*What is required:* Output the data verbatim, minus the images.

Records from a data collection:

============================================================

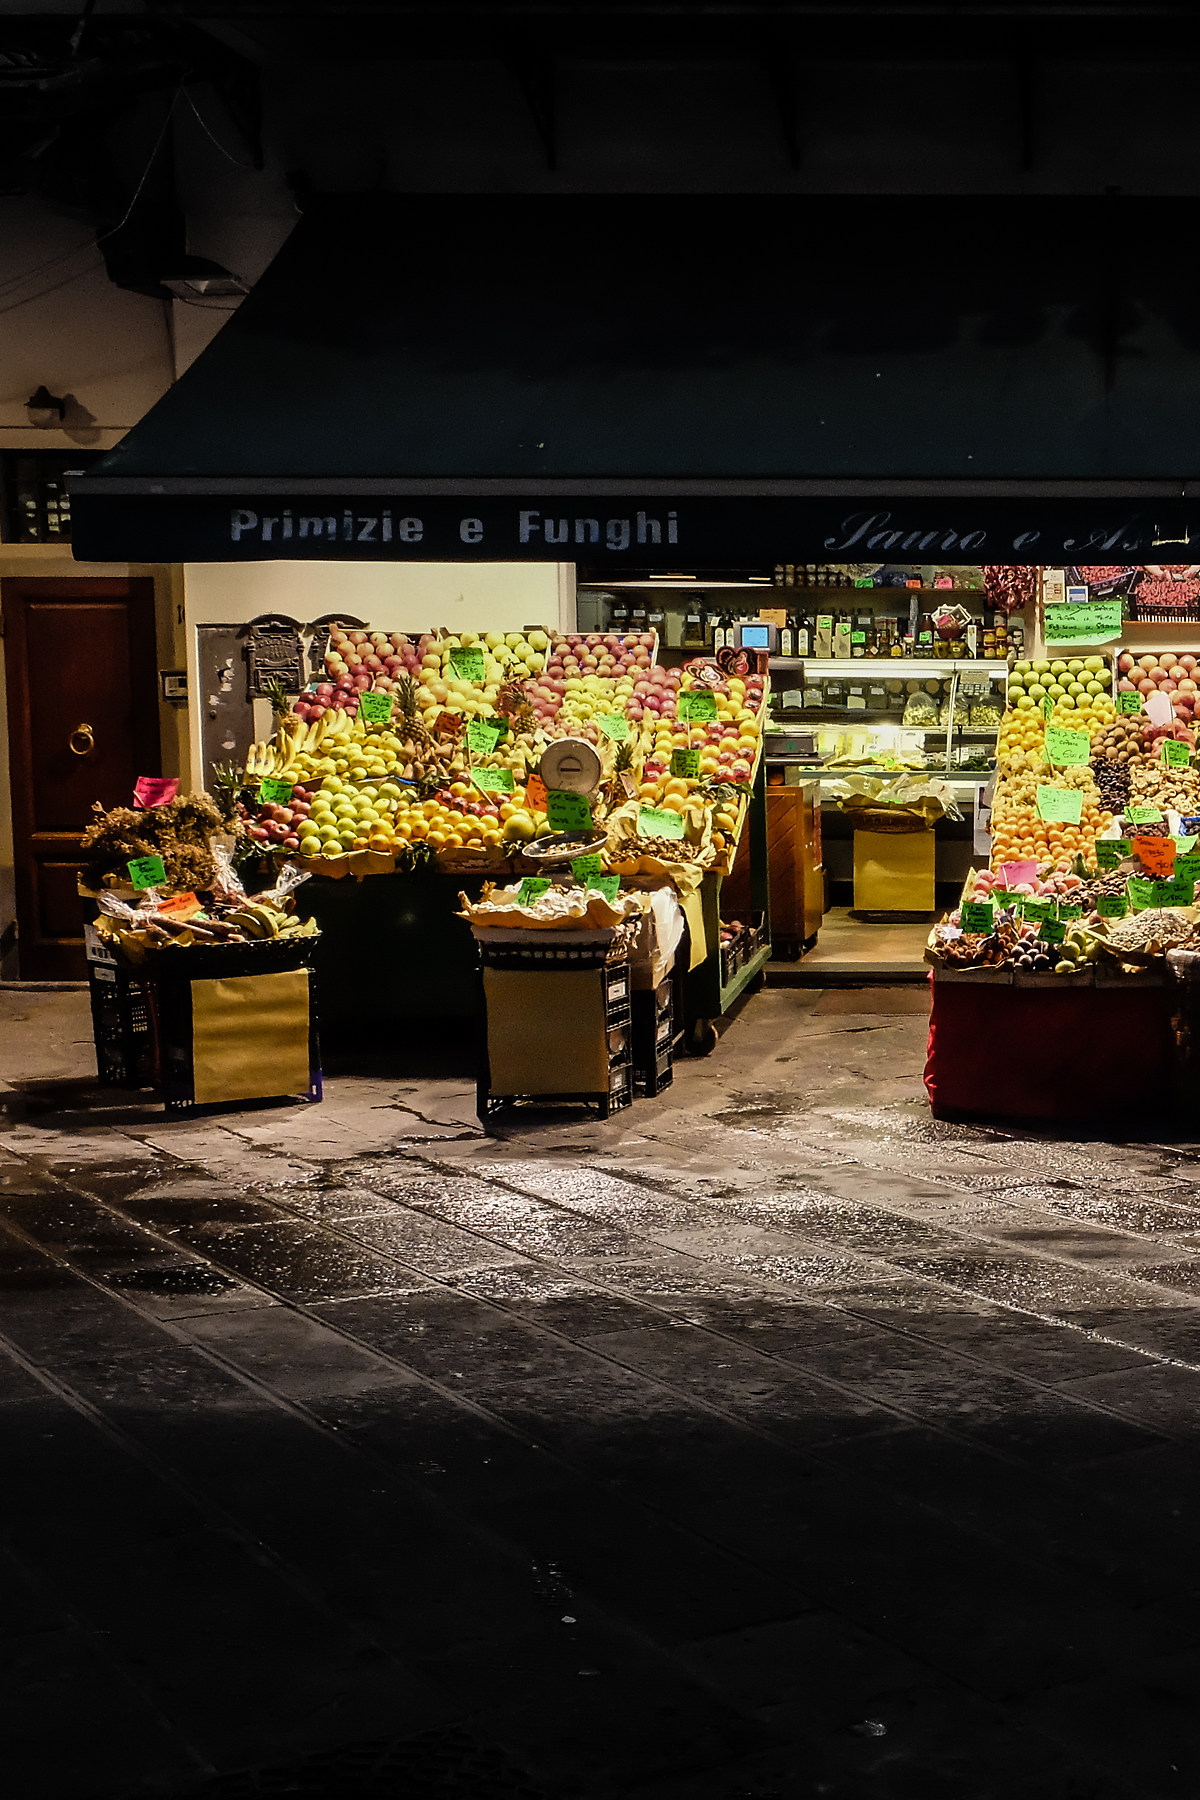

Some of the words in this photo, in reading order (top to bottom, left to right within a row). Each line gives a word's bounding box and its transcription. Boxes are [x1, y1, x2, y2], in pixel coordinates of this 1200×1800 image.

[229, 508, 424, 543] Primizie
[459, 516, 484, 544] e
[518, 509, 679, 551] Funghi
[824, 510, 988, 551] Sauro
[1012, 529, 1041, 551] e
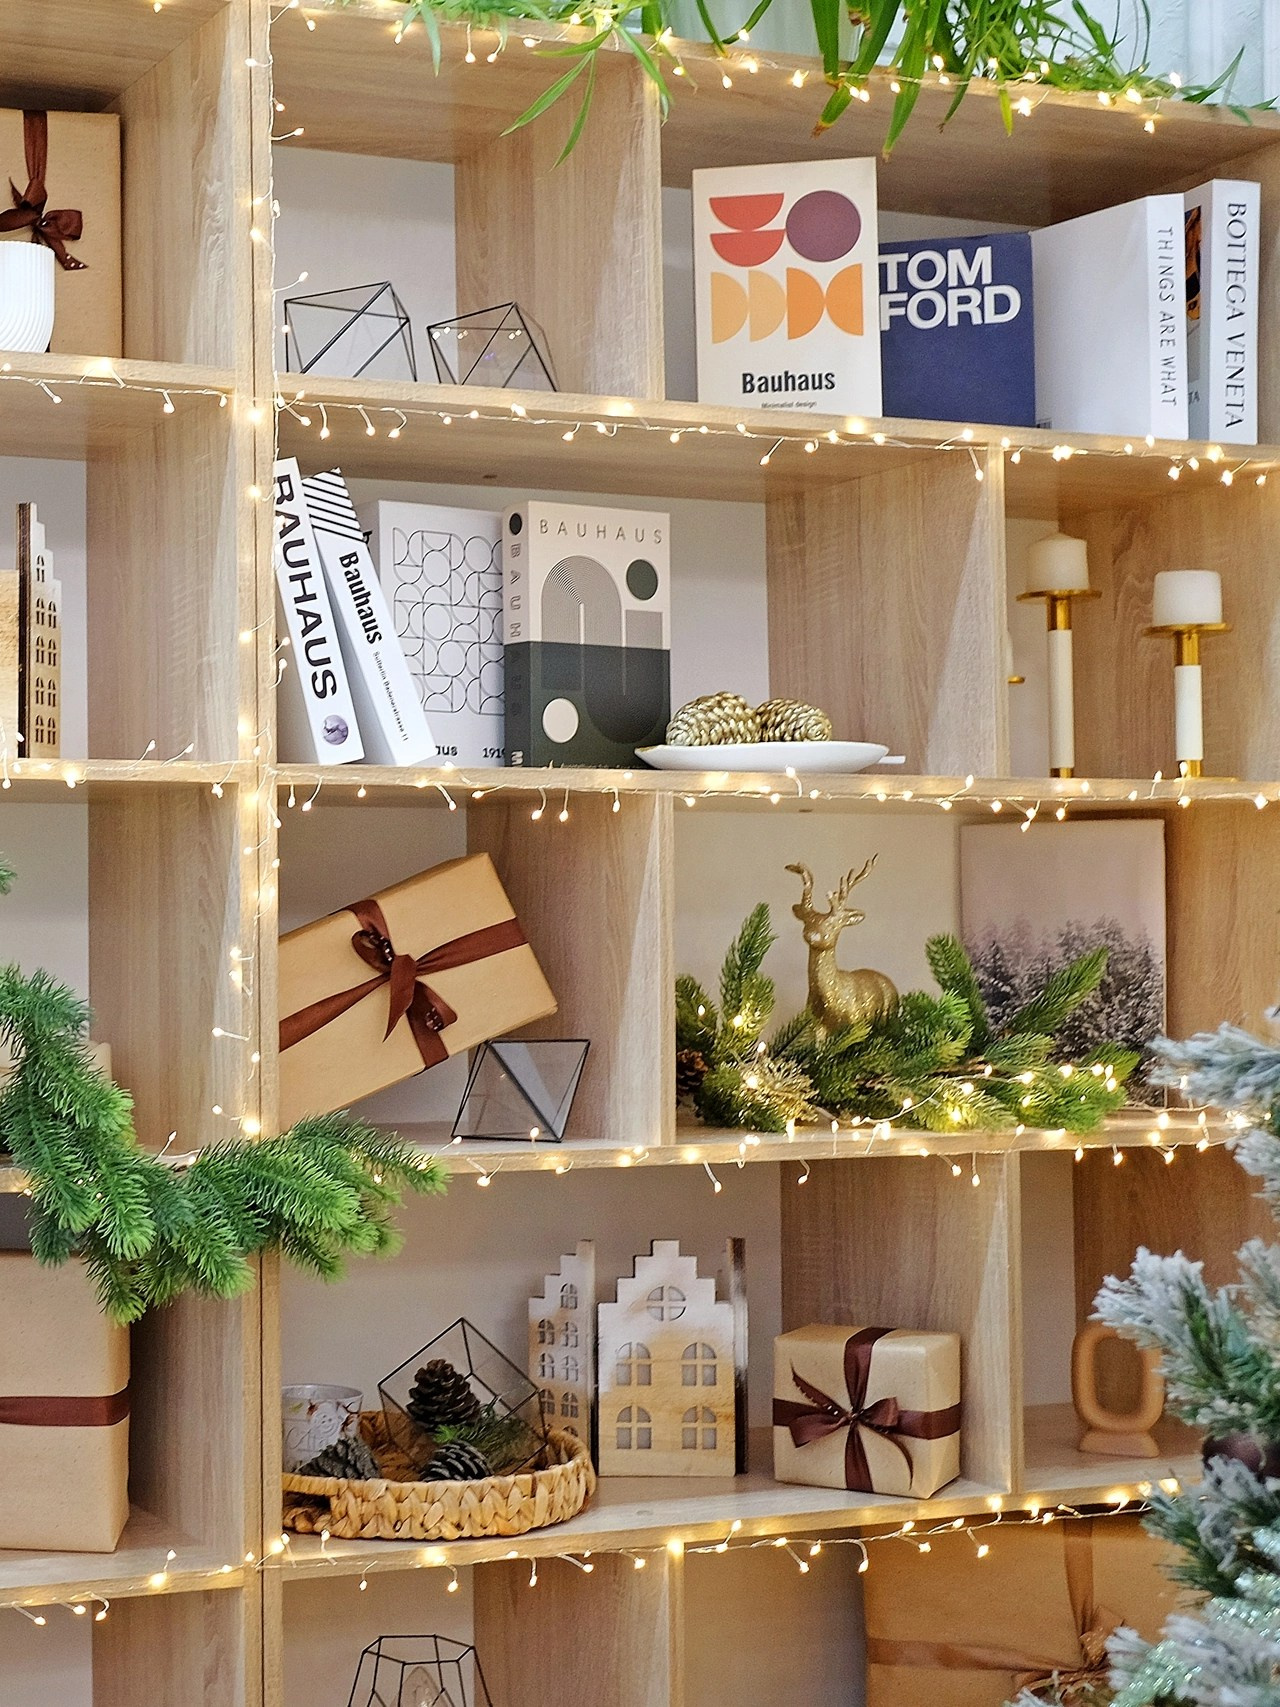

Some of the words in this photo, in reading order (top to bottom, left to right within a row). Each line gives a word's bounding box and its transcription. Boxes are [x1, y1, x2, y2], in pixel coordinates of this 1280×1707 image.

[878, 246, 992, 292] TOM
[1157, 226, 1175, 303] THINGS
[1225, 202, 1248, 322] BOTTEGA
[879, 284, 1022, 332] FORD
[1159, 310, 1176, 348] ARE
[742, 370, 835, 393] Bauhaus
[1160, 355, 1177, 406] WHAT
[1224, 332, 1247, 429] VENETA
[539, 519, 663, 544] BAUHAUS
[275, 473, 338, 700] BAUHAUS
[339, 551, 382, 645] Bauhaus
[483, 747, 505, 759] 191
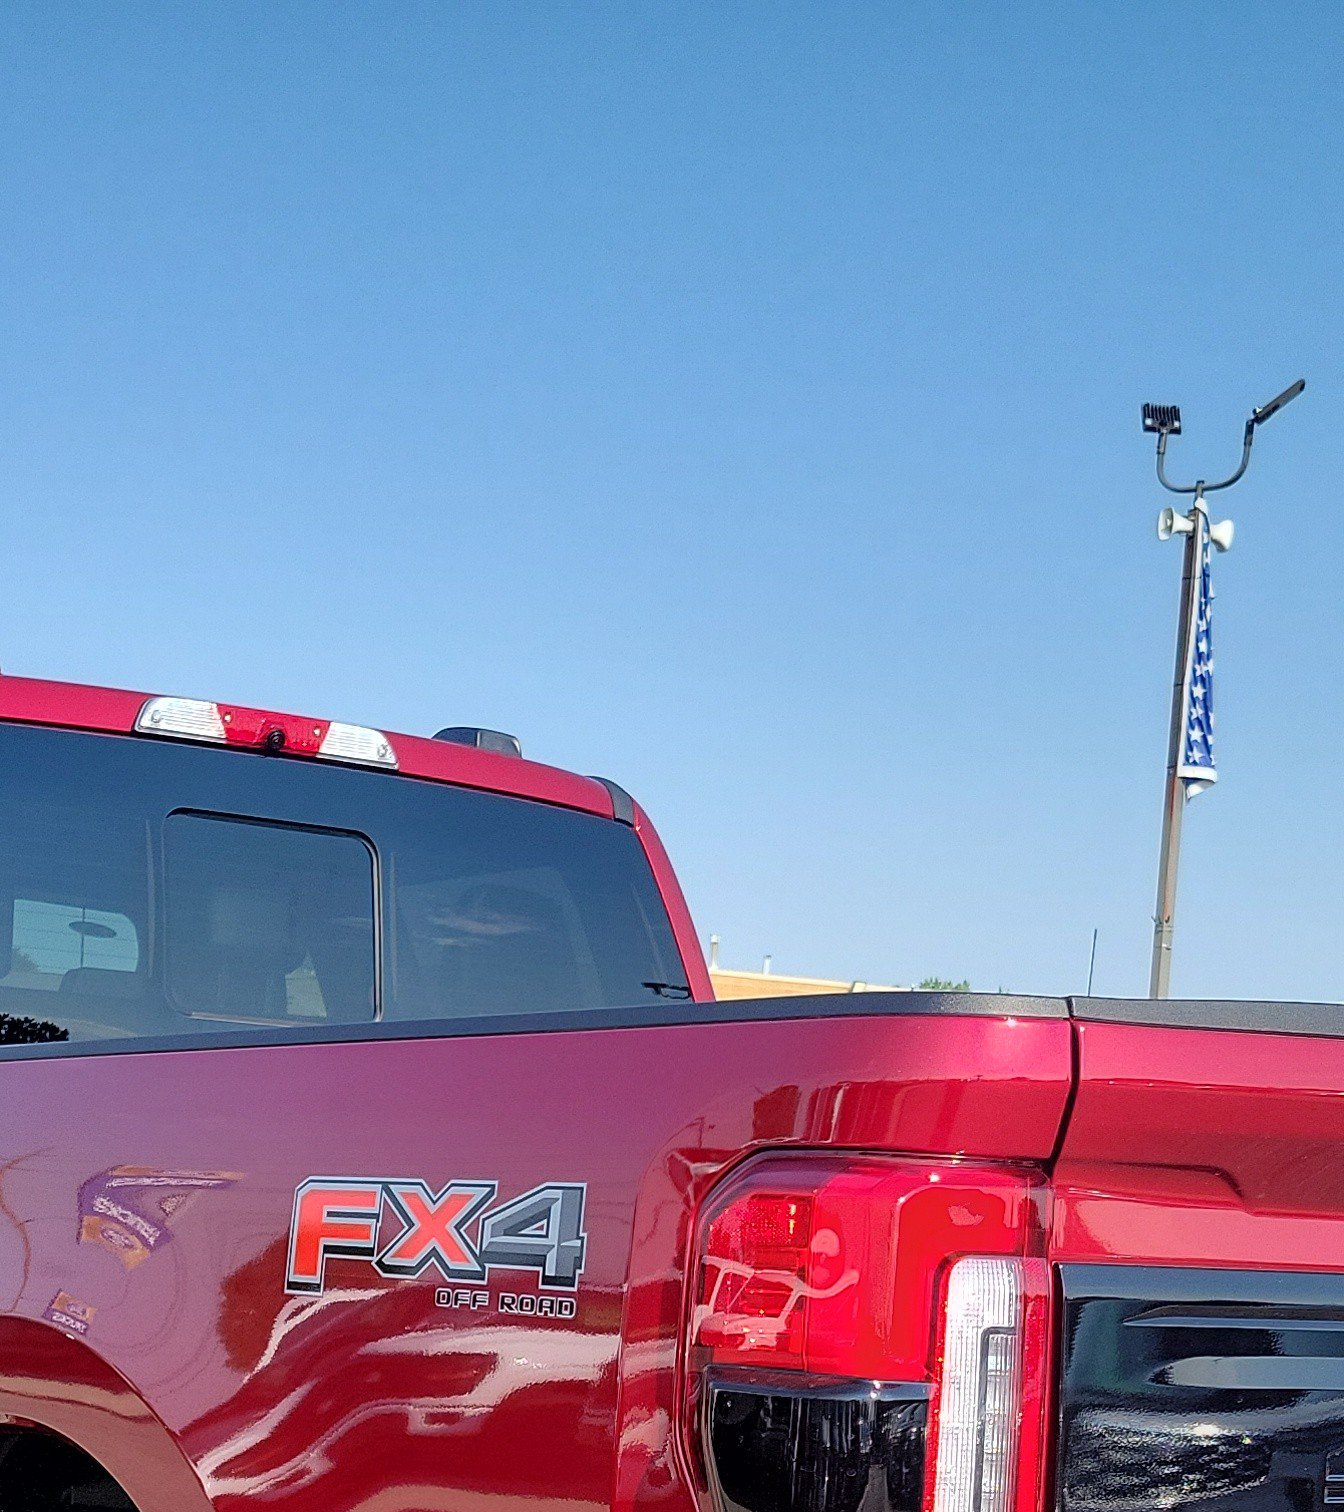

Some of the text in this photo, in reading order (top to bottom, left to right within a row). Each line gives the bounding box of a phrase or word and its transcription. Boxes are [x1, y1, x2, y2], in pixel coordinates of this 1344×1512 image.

[284, 1176, 587, 1296] FX4
[435, 1287, 577, 1319] OFF ROAD

============================================================

*Answer to this problem:*
Some of the words in this photo, in reading order (top to bottom, left to right within a row). Each line gives a word's bounding box and its transcription. Boxes are [x1, y1, x2, y2], in pixel coordinates of this 1200×1800 image.

[229, 508, 424, 543] Primizie
[459, 516, 484, 544] e
[518, 509, 679, 551] Funghi
[824, 510, 988, 551] Sauro
[1012, 529, 1041, 551] e

Some of the words in this photo, in reading order (top to bottom, left to right within a row). Each line gives a word's bounding box and its transcription. Boxes are [x1, y1, x2, y2], in pixel coordinates of this 1280×1707 image.

[878, 246, 992, 292] TOM
[1157, 226, 1175, 303] THINGS
[1225, 202, 1248, 322] BOTTEGA
[879, 284, 1022, 332] FORD
[1159, 310, 1176, 348] ARE
[742, 370, 835, 393] Bauhaus
[1160, 355, 1177, 406] WHAT
[1224, 332, 1247, 429] VENETA
[539, 519, 663, 544] BAUHAUS
[275, 473, 338, 700] BAUHAUS
[339, 551, 382, 645] Bauhaus
[483, 747, 505, 759] 191

Some of the text in this photo, in reading order (top to bottom, left to right within a row). Each line gives the bounding box of a phrase or word and its transcription. Boxes are [x1, y1, x2, y2], in pixel coordinates of this 1344×1512 image.

[284, 1176, 587, 1296] FX4
[435, 1287, 577, 1319] OFF ROAD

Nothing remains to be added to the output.